Let $\mathbf A_{j_1 j_2 \ldots j_m}$ denote the $m \times m$ matrix consisting of columns $j_1, j_2, \ldots, j_m$ of $\mathbf A$.
Let $\mathbf B_{j_1 j_2 \ldots j_m}$ denote the $m \times m$ matrix consisting of rows $j_1, j_2, \ldots, j_m$ of $\mathbf B$.
Then:
- $\ds \map \det {\mathbf A \mathbf B} = \sum_{1 \mathop \le j_1 \mathop < j_2 \mathop < \cdots \mathop < j_m \mathop \le n} \map \det {\mathbf A_{j_1 j_2 \ldots j_m} } \map \det {\mathbf B_{j_1 j_2 \ldots j_m} }$
where $\det$ denotes the determinant.
Proof
Let $\tuple {k_1, k_2, \ldots, k_m}$ be an ordered $m$-tuple of integers.

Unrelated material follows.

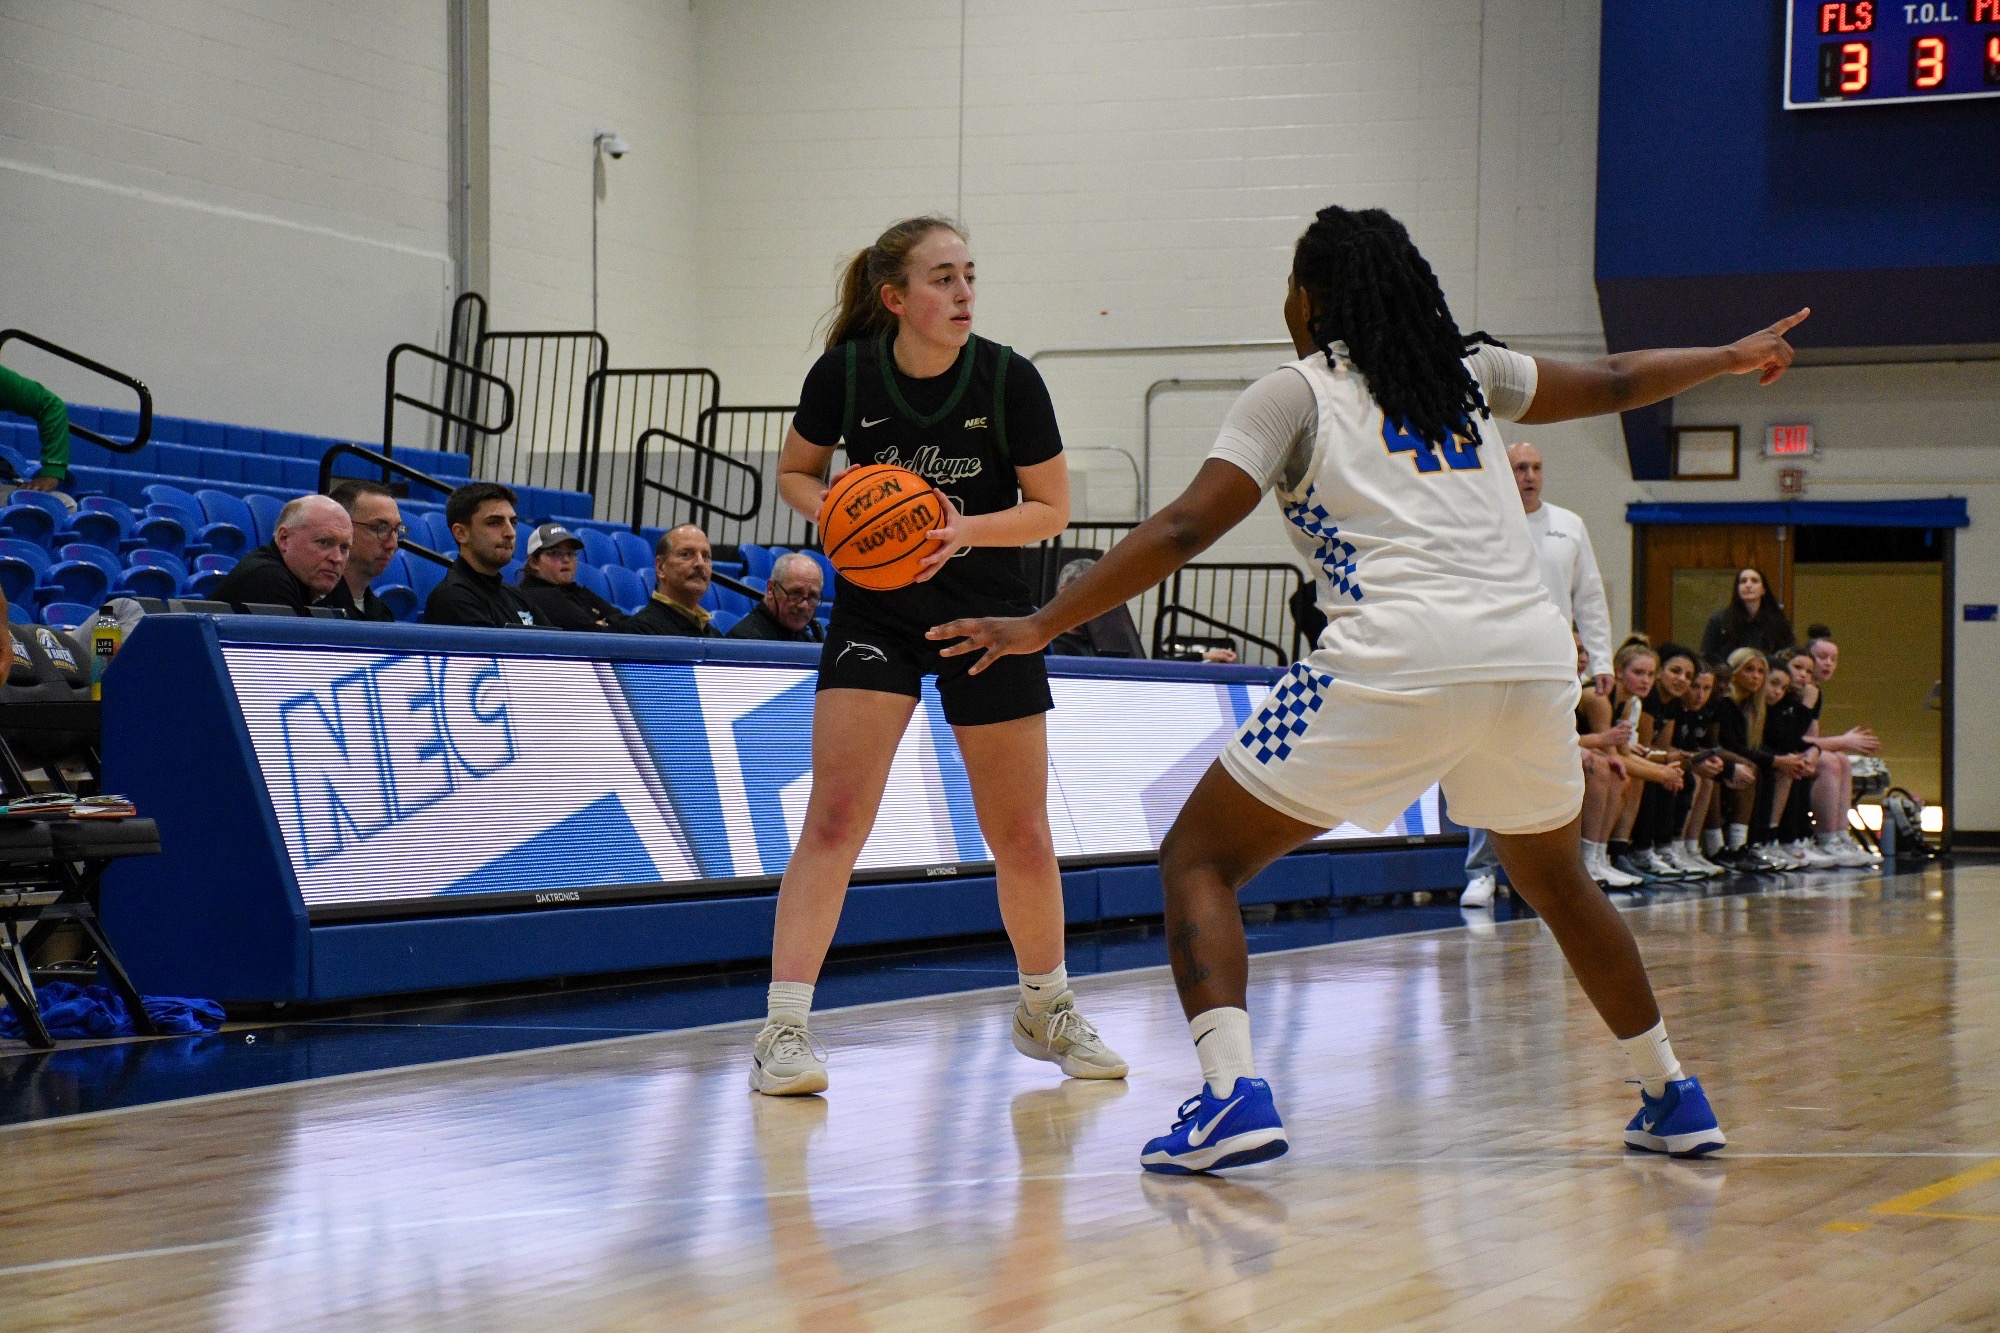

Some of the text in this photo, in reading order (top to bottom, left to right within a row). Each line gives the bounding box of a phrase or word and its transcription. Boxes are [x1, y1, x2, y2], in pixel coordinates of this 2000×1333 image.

Let $\map \epsilon {k_1, k_2, \ldots, k_m}$ denote the sign of $\tuple {k_1, k_2, \ldots, k_m}$.
Let $\tuple {l_1, l_2, \ldots, l_m}$ be the same as $\tuple {k_1, k_2, \ldots, k_m}$ except for $k_i$ and $k_j$ having been transposed.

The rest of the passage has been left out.